WORK REQUEST » With the images removed, write out every line below exactly.

-------

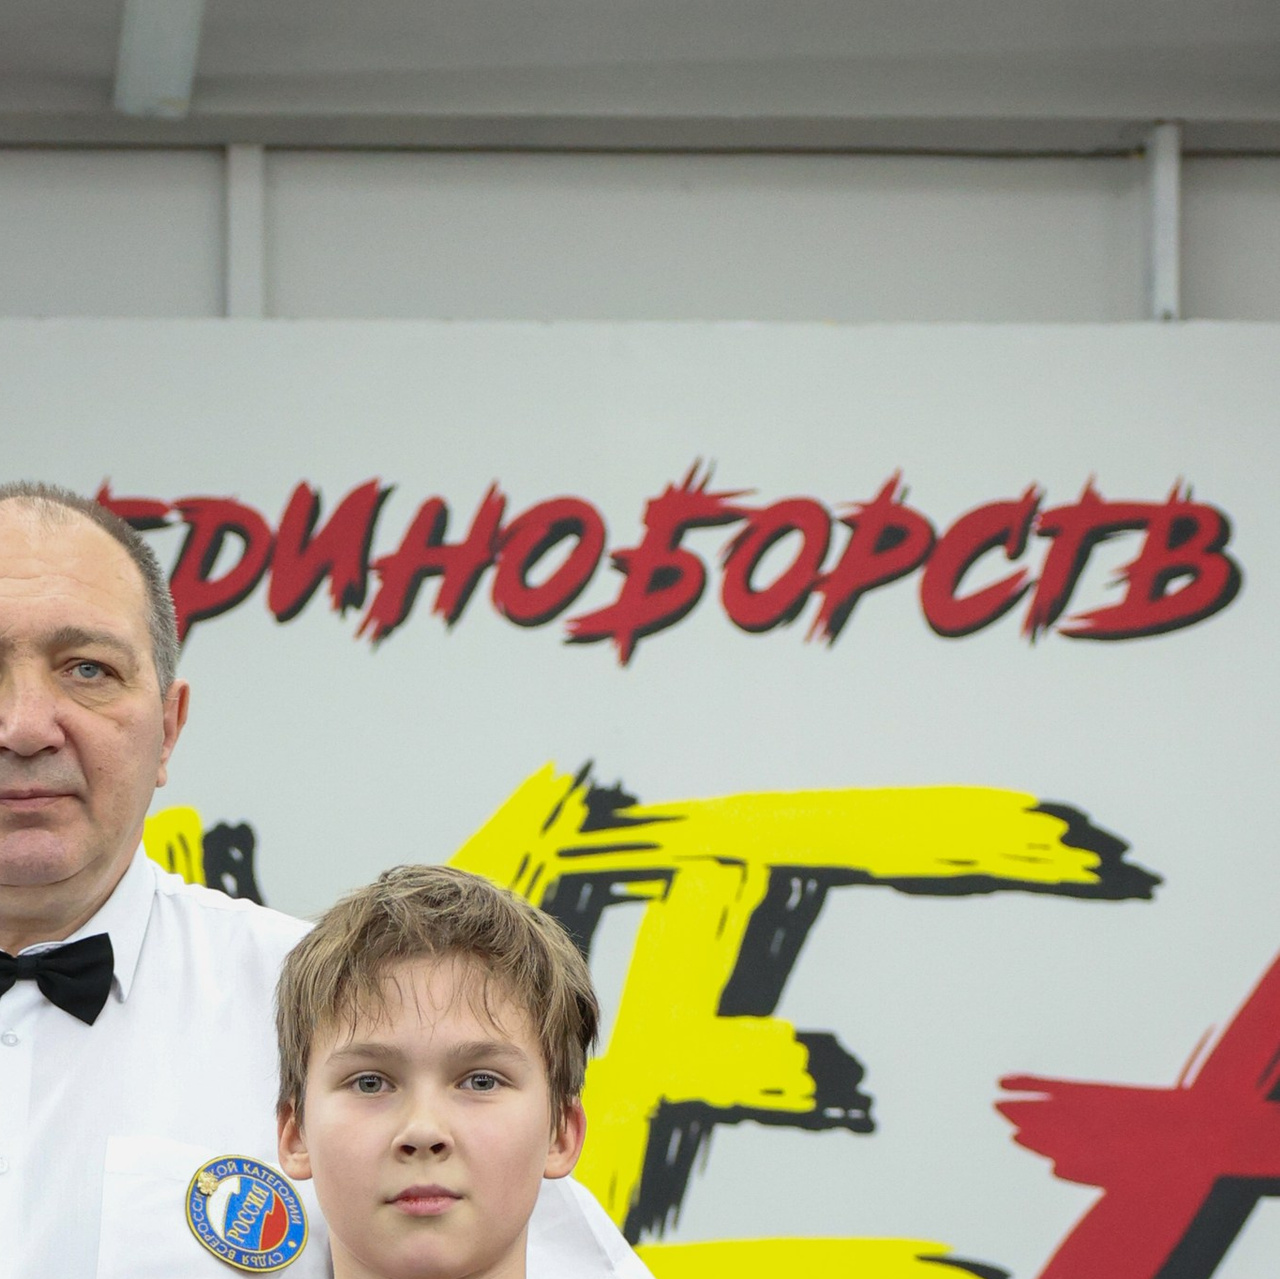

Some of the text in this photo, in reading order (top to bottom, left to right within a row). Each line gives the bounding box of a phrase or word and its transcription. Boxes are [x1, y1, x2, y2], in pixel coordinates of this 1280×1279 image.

[227, 1183, 269, 1243] РОССИЯ
[243, 1164, 301, 1225] КАТЕГОРИИ
[242, 1252, 284, 1267] СУДЬЯ
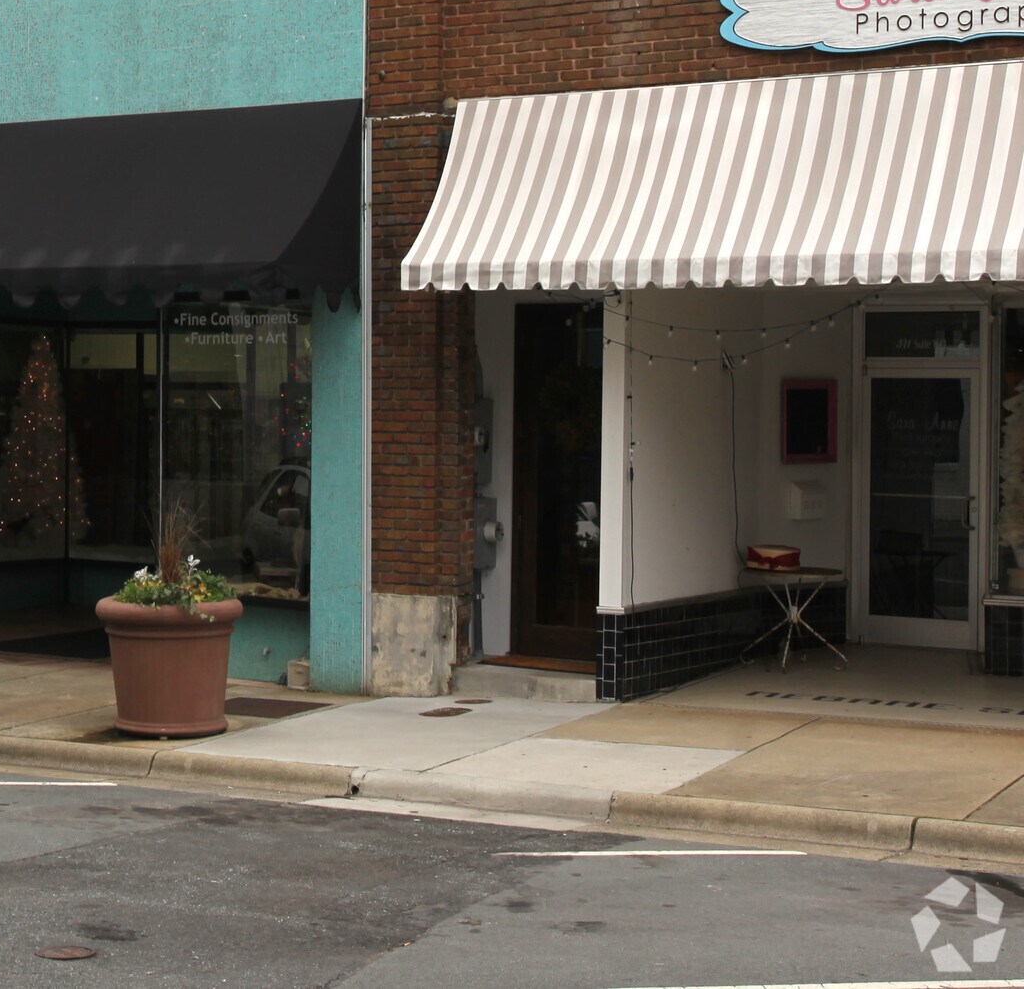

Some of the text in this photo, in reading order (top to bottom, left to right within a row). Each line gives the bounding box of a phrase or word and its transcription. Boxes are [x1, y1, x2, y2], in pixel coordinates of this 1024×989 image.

[180, 312, 298, 328] Fine Consignments
[191, 331, 287, 345] Furniture Art
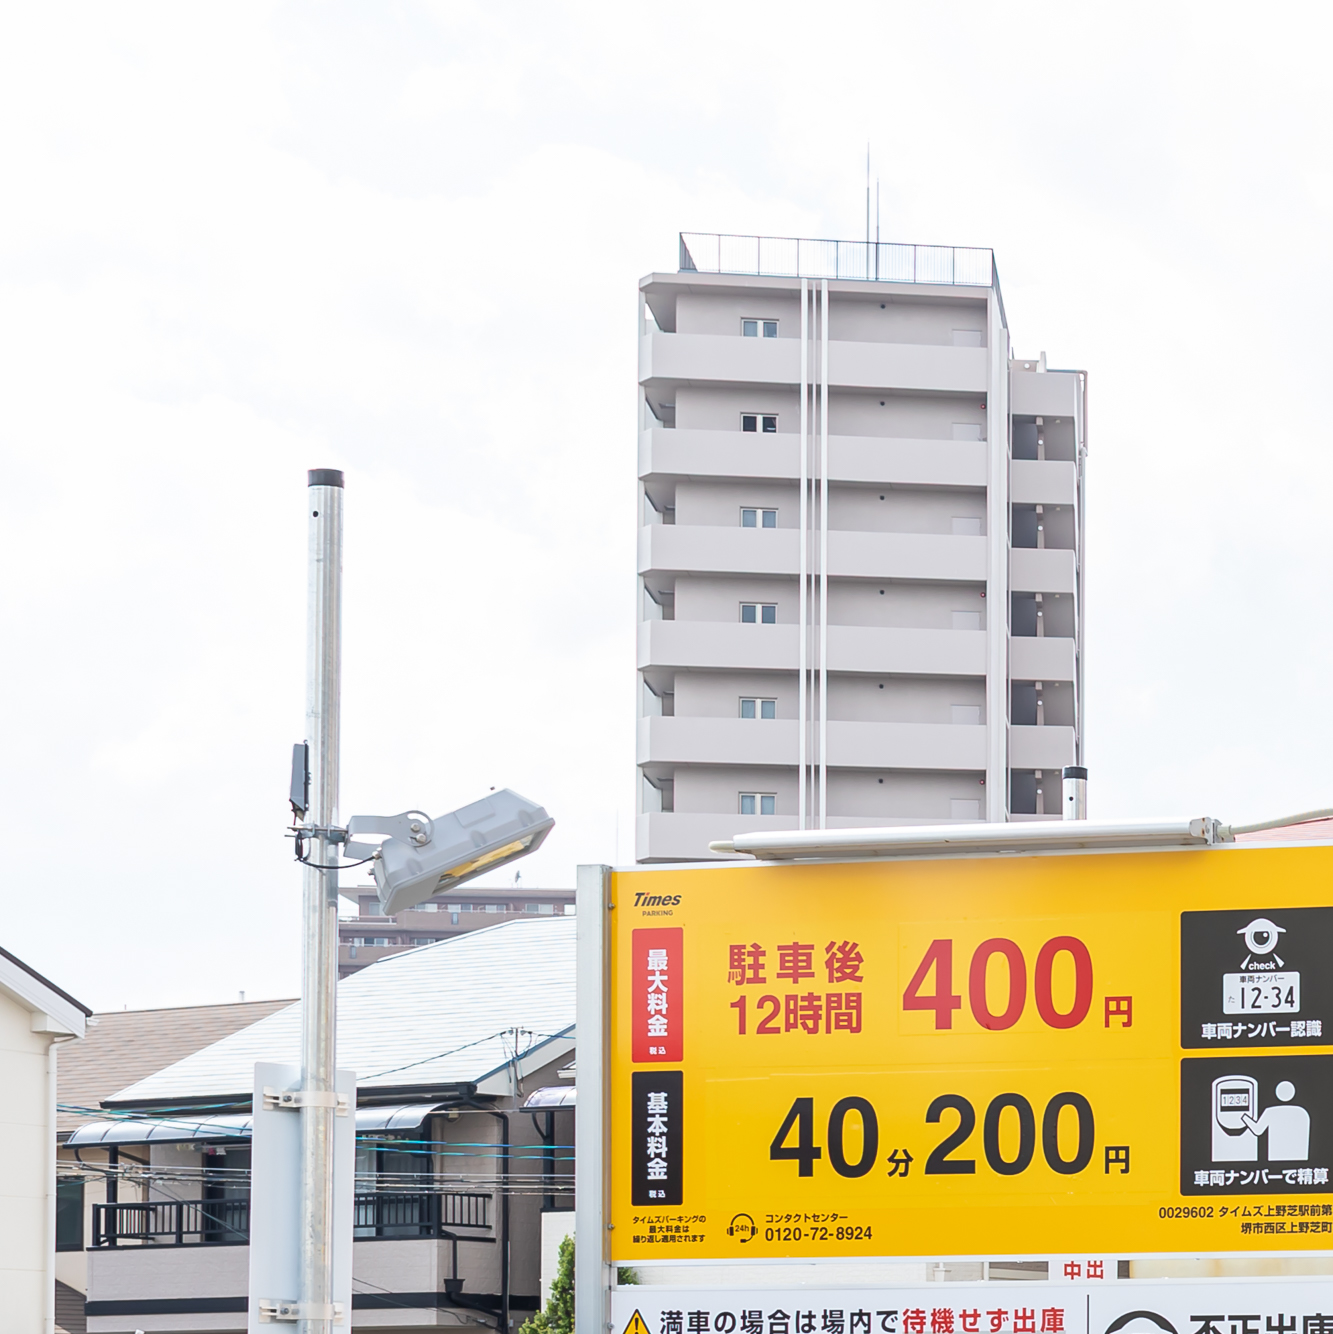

-------

RESPONSE TO THIS TASK »
Some of the text in this photo, in reading order (top to bottom, left to right within a row). Each line gives the bounding box of a phrase or word and its transcription. Boxes are [x1, y1, x2, y2], in pixel coordinates of this 1280×1279 image.

[227, 1183, 269, 1243] РОССИЯ
[243, 1164, 301, 1225] КАТЕГОРИИ
[242, 1252, 284, 1267] СУДЬЯ

Some of the text in this photo, in reading order (top to bottom, left to right within a row). Each line gives the bounding box of a phrase or word and its transcription. Boxes are [x1, y1, x2, y2], in pixel coordinates of this 1024×989 image.

[180, 312, 298, 328] Fine Consignments
[191, 331, 287, 345] Furniture Art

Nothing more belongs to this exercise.